# Gear



## wa-loaf (Jun 9, 2009)

I like gear.


----------



## RootDKJ (Jun 9, 2009)

I like gear.


----------



## severine (Jun 9, 2009)

What kinda gear are you talkin about?


----------



## bvibert (Jun 9, 2009)

I like sprockets, but not gears so much.


----------



## wa-loaf (Jun 9, 2009)

severine said:


> What kinda gear are you talkin about?



Doesn't matter. Ski gear, bike gear, bondage gear, climbing gear, hiking gear ...


----------



## deadheadskier (Jun 9, 2009)

Me - yes
wallet - no


----------



## Hawkshot99 (Jun 9, 2009)

I am a whore....a gear whore.


----------



## mondeo (Jun 9, 2009)

wa-loaf said:


> Doesn't matter. Ski gear, bike gear, *bondage gear*, climbing gear, hiking gear ...


This.


----------



## eastcoastpowderhound (Jun 10, 2009)

I love gear...I'm a gear pimp,..I keep all my gear whores well outfitted.


----------



## Grassi21 (Jun 10, 2009)

I have a problem....


----------



## Trekchick (Jun 10, 2009)

I do, There, I said it!!!


----------



## bigbog (Jun 10, 2009)

*gear...*

Most gear makes the things I choose to do easier on the body, agreed..._not_ great for the wallet..**EDIT:* ...but in agreement with billski, I am a minimalist @heart.  Do not choose gear that adds on bulk/weight in a major way.


----------



## Terry (Jun 11, 2009)

Yes I am a gear whore.


----------



## Paul (Jun 12, 2009)

bvibert said:


> I like sprockets, but not gears so much.



I'm a "Cog-Guy" myself...


----------



## billski (Jun 12, 2009)

no; I'm  minimalist.

however, If I wore no gear in the winter, I'd be even _more _minimalist!


----------



## ComeBackMudPuddles (Jun 12, 2009)

i like gear, but i just don't buy much of it.  i have friends that tend to have a lot more gear than i do, so i live vicariously through them.  works for me.


----------



## mondeo (Jun 12, 2009)




----------



## deadheadskier (Jun 12, 2009)

I hadn't bought anything new but goggles, gloves and socks from 2002 through 2007.  In the past two years I've bought a whole bunch of soft goods, 3 sets of skis and bindings and new boots.  I blame all of you bastards and yes, that is a personal attack!  :lol:


----------



## snowmonster (Jun 12, 2009)

Hello. I'm snowmonster and I'm a gear-aholic.


----------



## GrilledSteezeSandwich (Jun 12, 2009)

I voted Huh...I like having the appropriate skis.  When I first started skiing, I rented skis and my ski  jacket doubled as a winter coat..I didn't have ski specific gear.  I like having good gloves, Steezy Blue Oakley A-Frames for the bright days..and Rose colored for night skiing..and on my feet I like boots that aren't too stiff or snug..I've been there done that with the Lange race boots which off great performance for carving but to tight..Jackets are important and I have only had three ski jackets in the past decade...two heli hansons and a Oakley..the local ski shop has a good sale in August on leftover merchandise so I might hit that up.  Gotta be earthtones but a little steeze thrown in and a zipoff hood..I never liked the feeling of having a hood fly behind me..too much drag..and I ski too fast that if a little wind gets under it..it flys off..even if it's tight..

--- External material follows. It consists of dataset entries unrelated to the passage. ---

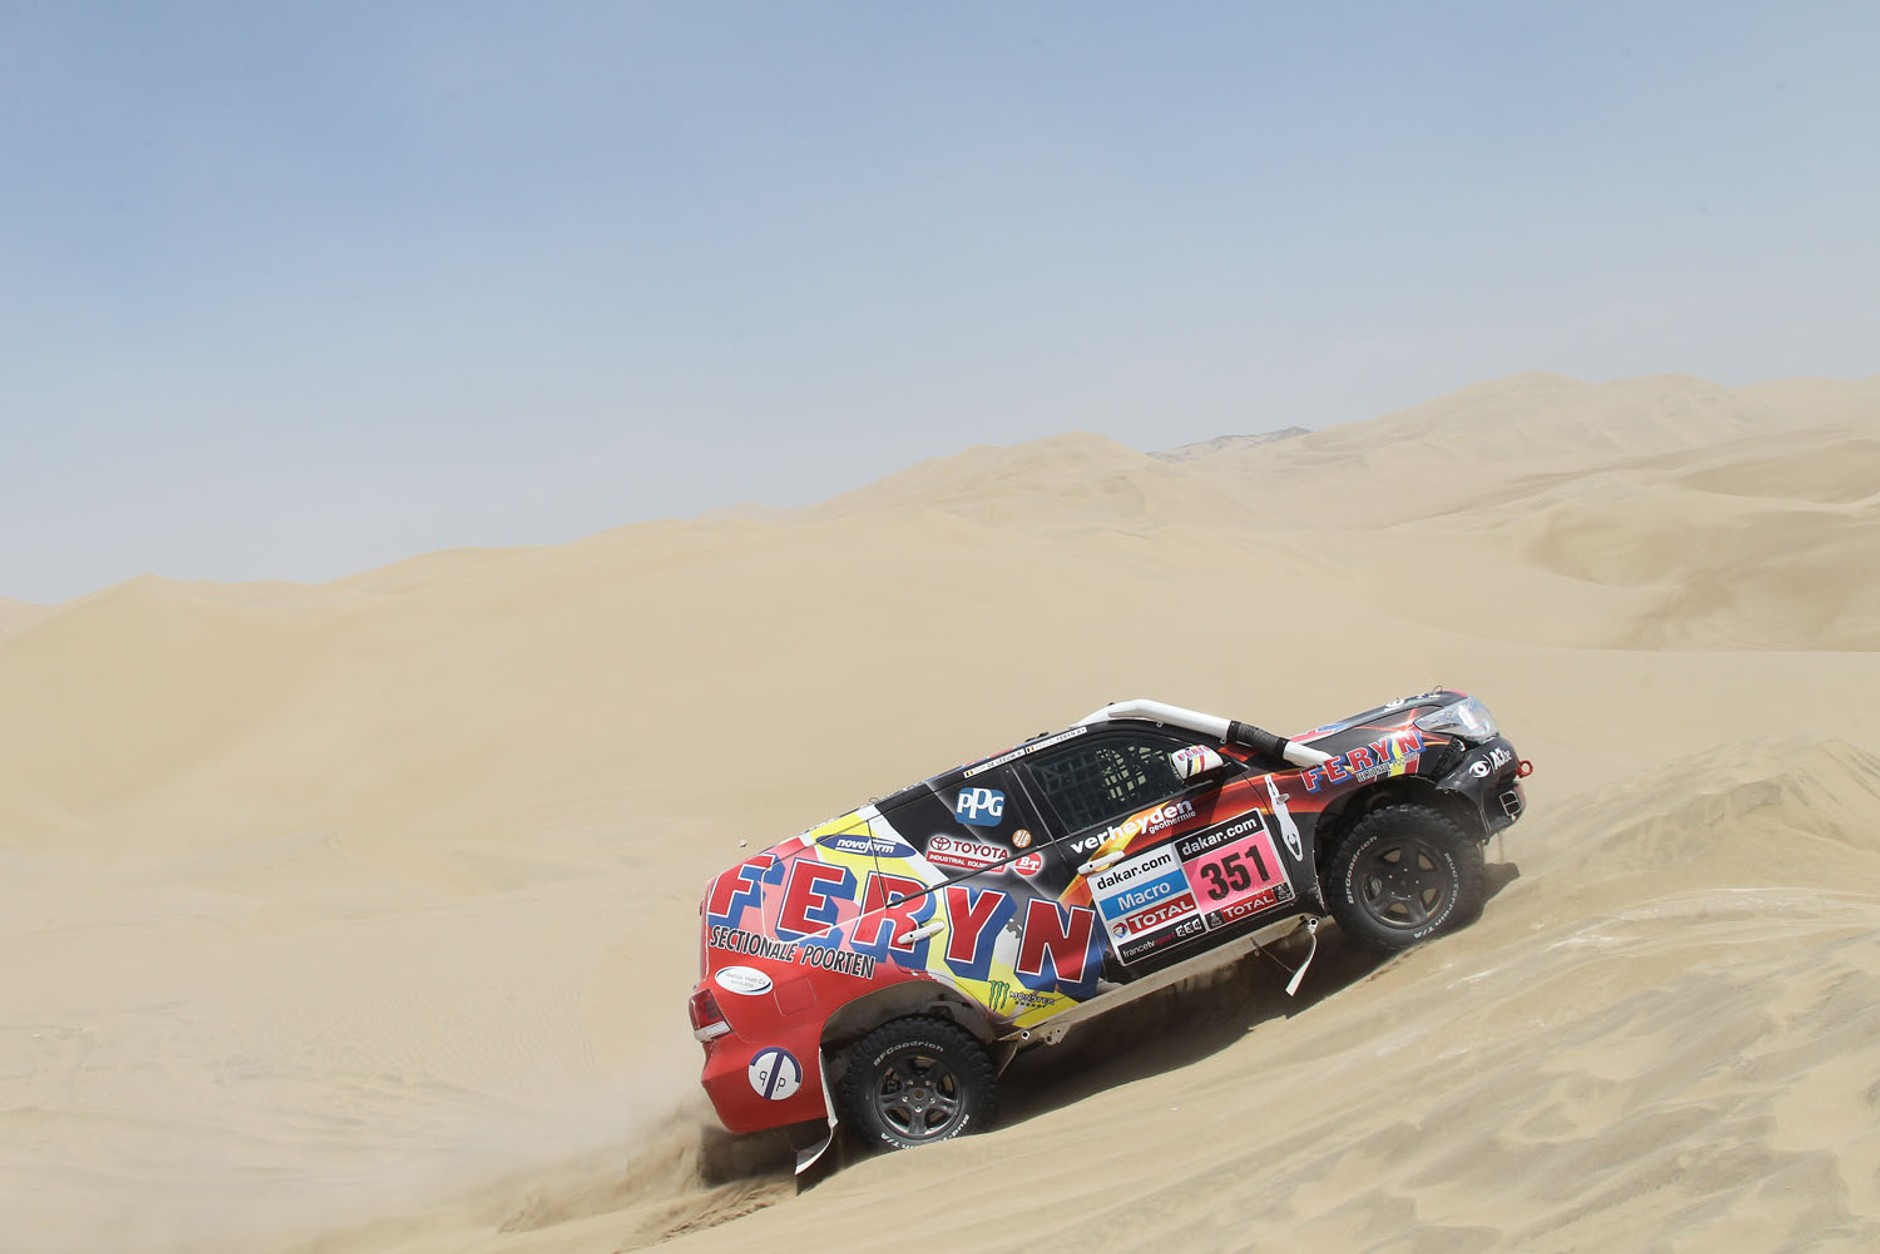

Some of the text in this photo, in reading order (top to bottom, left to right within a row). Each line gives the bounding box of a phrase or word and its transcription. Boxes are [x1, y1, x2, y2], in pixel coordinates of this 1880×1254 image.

[1300, 729, 1427, 793] FERYN
[956, 786, 1005, 819] PPG
[1070, 800, 1194, 854] verheyden
[1148, 810, 1196, 835] geothermie
[1181, 818, 1258, 856] dakar.com
[836, 839, 895, 854] novoferm
[929, 853, 966, 866] INDUSTRIAL
[953, 840, 1008, 860] TOYOTA
[1018, 854, 1040, 871] BT
[1097, 853, 1172, 890] dakar.com
[1200, 844, 1271, 901] 351
[1118, 881, 1171, 911] Macro
[1223, 895, 1275, 918] TOTAL
[705, 852, 1098, 988] FERYN
[1129, 901, 1194, 930] TOTAL
[710, 924, 877, 980] SECTIONALE POORTEN
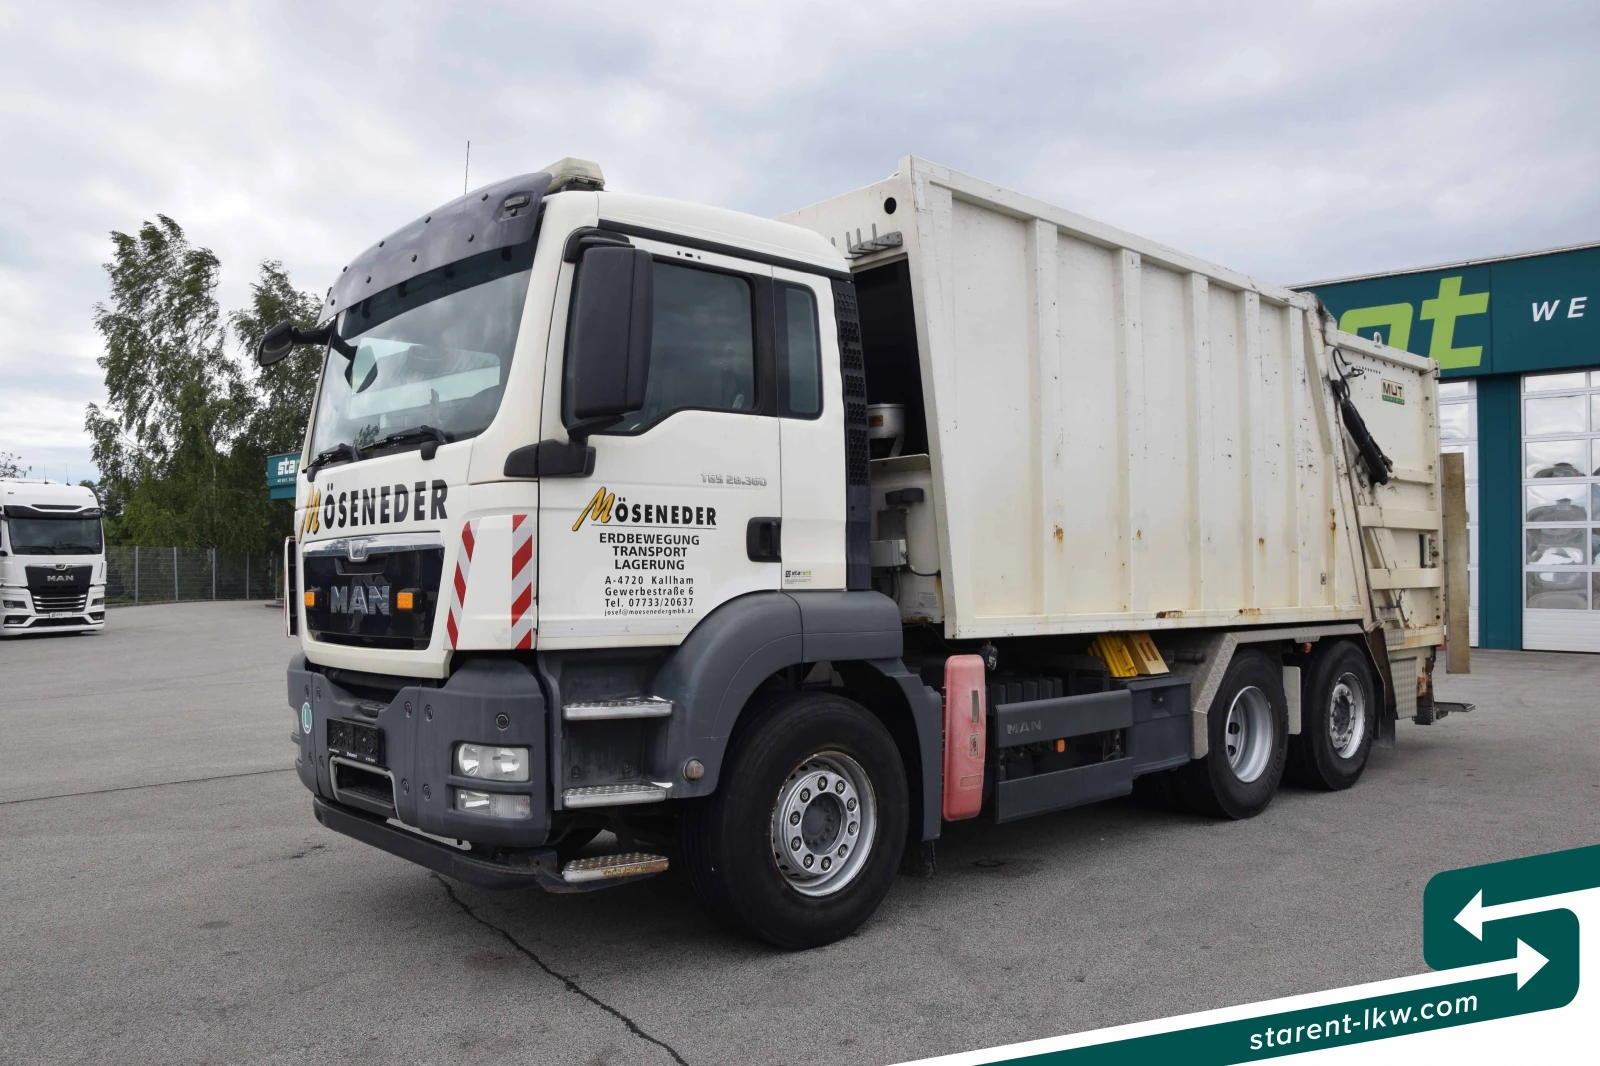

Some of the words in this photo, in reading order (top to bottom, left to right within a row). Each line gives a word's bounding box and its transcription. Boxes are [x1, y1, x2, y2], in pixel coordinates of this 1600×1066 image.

[1532, 296, 1587, 322] WE
[1383, 382, 1402, 397] MUT
[701, 473, 723, 484] TGS
[726, 475, 767, 486] 28.360
[298, 479, 448, 544] MÖSENEDER
[572, 486, 717, 532] MÖSENEDER
[600, 533, 700, 545] ERDBEWEGUNG
[612, 546, 688, 557] TRANSPORT
[615, 559, 685, 570] LAGERUNG
[605, 575, 644, 585] A-4720
[651, 575, 694, 585] Kallham
[605, 586, 685, 596] Gewerbestraße
[688, 586, 694, 596] 6
[330, 585, 390, 615] MAN
[605, 597, 624, 607] Tel.
[628, 597, 694, 608] 07733/20637
[604, 608, 694, 616] josef@moesenedergmbh.at
[1007, 720, 1041, 735] MAN

Pants..gotta have cargo pockets..for my wallet, keys and steeze on days when I don't wear a jacket which in the Banana Belt of PA is pretty often..

Ski-socks..you get what you pay for..Skiing is the only sport I spend any money on gear so I don't mind dropping $$$ from time to time on it.  To me, buying ski gear now that you aren't gonna use until November is torture..and my Blowers are staring at me right now..I never thought I would ski them so much at Blue the True but they plow through the crud and sugar piles a heck of alot better than my skinnier skeeze..


----------



## Beetlenut (Jun 12, 2009)

GrilledSteezeSandwich said:


> I voted Huh...I like having the appropriate skis. When I first started skiing, I rented skis and my ski jacket doubled as a winter coat..I didn't have ski specific gear. I like having good gloves, Steezy Blue Oakley A-Frames for the bright days..and Rose colored for night skiing..and on my feet I like boots that aren't too stiff or snug..I've been there done that with the Lange race boots which off great performance for carving but to tight..Jackets are important and I have only had three ski jackets in the past decade...two heli hansons and a Oakley..the local ski shop has a good sale in August on leftover merchandise so I might hit that up. Gotta be earthtones but a little steeze thrown in and a zipoff hood..I never liked the feeling of having a hood fly behind me..too much drag..and I ski too fast that if a little wind gets under it..it flys off..even if it's tight..
> 
> Pants..gotta have cargo pockets..for my wallet, keys and steeze on days when I don't wear a jacket which in the Banana Belt of PA is pretty often..
> 
> Ski-socks..you get what you pay for..Skiing is the only sport I spend any money on gear so I don't mind dropping $$$ from time to time on it. To me, buying ski gear now that you aren't gonna use until November is torture..and my Blowers are staring at me right now..I never thought I would ski them so much at Blue the True but they plow through the crud and sugar piles a heck of alot better than my skinnier skeeze..


 
Yea, yea, yea,...bla, bla, bla.... sheesh!!....


----------



## billski (Jun 12, 2009)

*BPH Evacuation*

It was just announced in our house that all BPH bottles have to go.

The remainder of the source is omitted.